Much of the information that purports to provide tax techniques for ultra-high net worth investors apply to all investors. Common sense isn't necessarily terrible counsel, but it isn't enough. Those of you with investable assets of $5 million or more can benefit from having a long-term partner who can provide sound wealth management and tax advice.
Reduced to 7 Essential Points There is a wide variety of complex estate and tax preparation options.
Avoiding taxes as a member of the 1%
Create Tax Losses to Counteract Yearly Gains Learn more about how to locate a financial advisor that works with clients who have more than $10 million in liquid assets and can help you minimize your tax liability by clicking here if you are an ultra-high net worth investor in need of assistance with tax reduction. Among our many services, tax preparation is one of our specialties at Pillar Wealth Management. Reduce your expenses and increase your profits with the help of our fiduciary advising services. Visit this link now to have free speech with one of our wealth managers.

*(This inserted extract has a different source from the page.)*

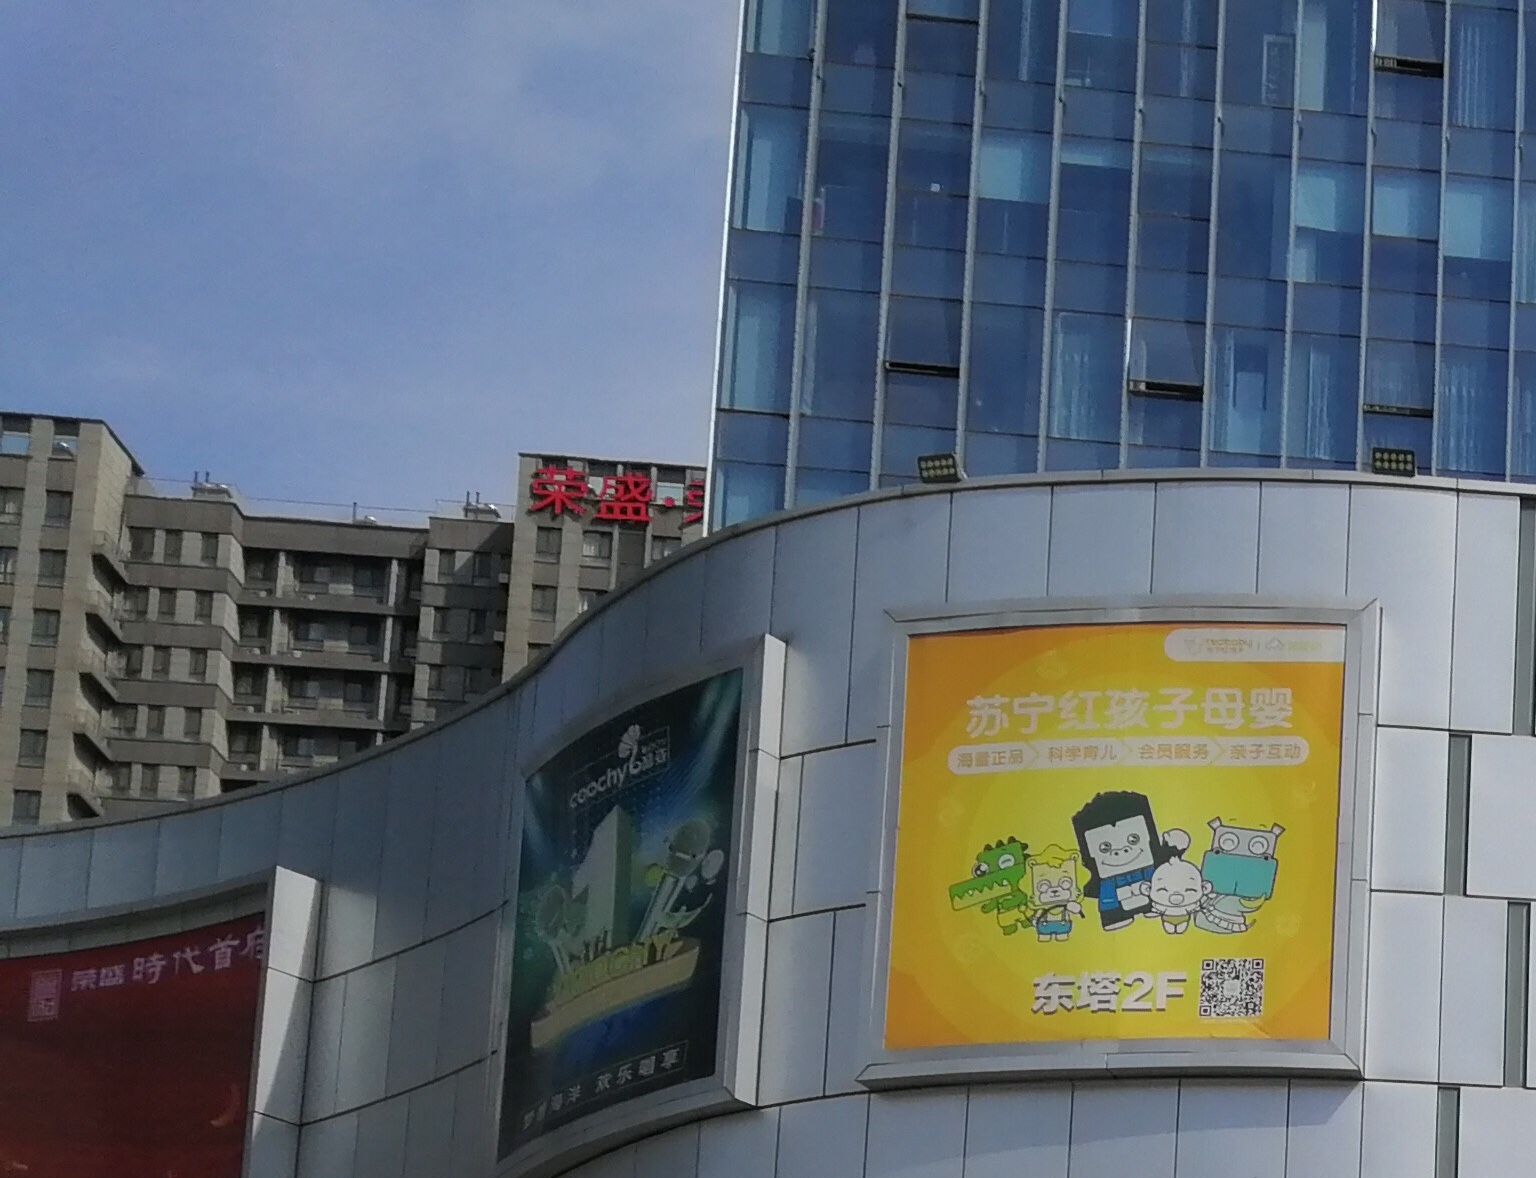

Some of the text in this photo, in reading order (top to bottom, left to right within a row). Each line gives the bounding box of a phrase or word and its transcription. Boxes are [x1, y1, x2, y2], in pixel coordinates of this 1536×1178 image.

You indeed fall into a unique niche, and in a minute, we'll discuss seven tax tactics that only people with a high net worth may take advantage of.
How do affluent incomes minimize their tax liability?
Do not read this article if you have a weak stomach. These are sophisticated methods, not the basic ones commonly discussed on blogs by recent college finance graduates with little experience.
For thirty years, Pillar Wealth Management has served the needs of the uber-wealthy. We have experience managing portfolios during all market conditions, including recessions. We are committed to safeguarding your assets by employing the most effective strategies for your portfolio, as required by our fiduciary duty to you.
Our ultra-high-net-worth clientele has significantly benefited from implementing these seven tax methods, which have allowed us to save them a substantial amount of money and boost their investment returns by eliminating these avoidable losses.
Are wealth managers able to assist with tax preparation?
Reducing Brokerage Accounts' Reliance on Active Management It's important to note that your tax rate will increase proportionally with your trading volume. The account holder must disclose any realized gains when a trade is made in a brokerage account. Brokerage accounts that are actively maintained typically engage in regular trading. High-net-worth individuals rarely see improved returns when they place too much faith in active management and end up paying more taxes than they should.
Tax Strategies for the Affluent
A client who switched to us in 2017 had realized capital gains of $375,000 in 2016 in her actively managed brokerage accounts with her previous firm. That resulted in extremely high tax rates. The following year, her taxes were cut by 30% because we decreased her realized gains to zero.
How does a 30% reduction in your taxes sound? The compliment had gone well, and she was pleased.
High-net-worth investors can get hit hard by this tax, yet it's often forgotten. Contact Hutch Ashoo, CEO and Co-Founder of Pillar Wealth Management, if you're interested in learning high net worth tax methods, especially as they relate to your portfolio. He will advise you on how to minimize your taxes as a high- or ultra-high-net-worth investor and will do so on a fee-only, independent, fiduciary basis. Read his free book on maintaining your ultra-high net worth status to learn more about his strategy.
Methods of tax depreciation for the wealthy
Reduce the number of taxable bond issues As this article from Fidelity explains, whenever a fund manager buys or sells securities, taxable bonds also generate capital gains, just like stocks do. You may also be required to pay capital gains taxes when you sell your bond shares.
This Investopedia article outlines why high-net-worth investors should avoid taxable bond funds. To get the most significant tax break, you should invest in municipal bonds rather than federal ones because you pay the highest tax rate. The federal government does not tax the dividends from municipal bonds, and many states do not tax them either.
Financial planning for managing wealth
Since annualized rates of return on bond funds are calculated before taxes, considering them alone is not enough to make a wise investment decision. If you're a high-net-worth investor in a high-tax state like California, a taxable bond with a 5% performance is probably a poorer deal than a municipal bond with a 2.5% return. Check out our no-cost manual if you need assistance locating a financial advisor who is conversant with these complexities.
Send your Required Minimum Distributions to an organization, retirees with a high net worth! Retirees with significant assets over 70.5 years old (before 2020) may not need to take RMDs from their retirement accounts. You still have access to sufficient funds, and this demanding condition does nothing but increases your tax liability.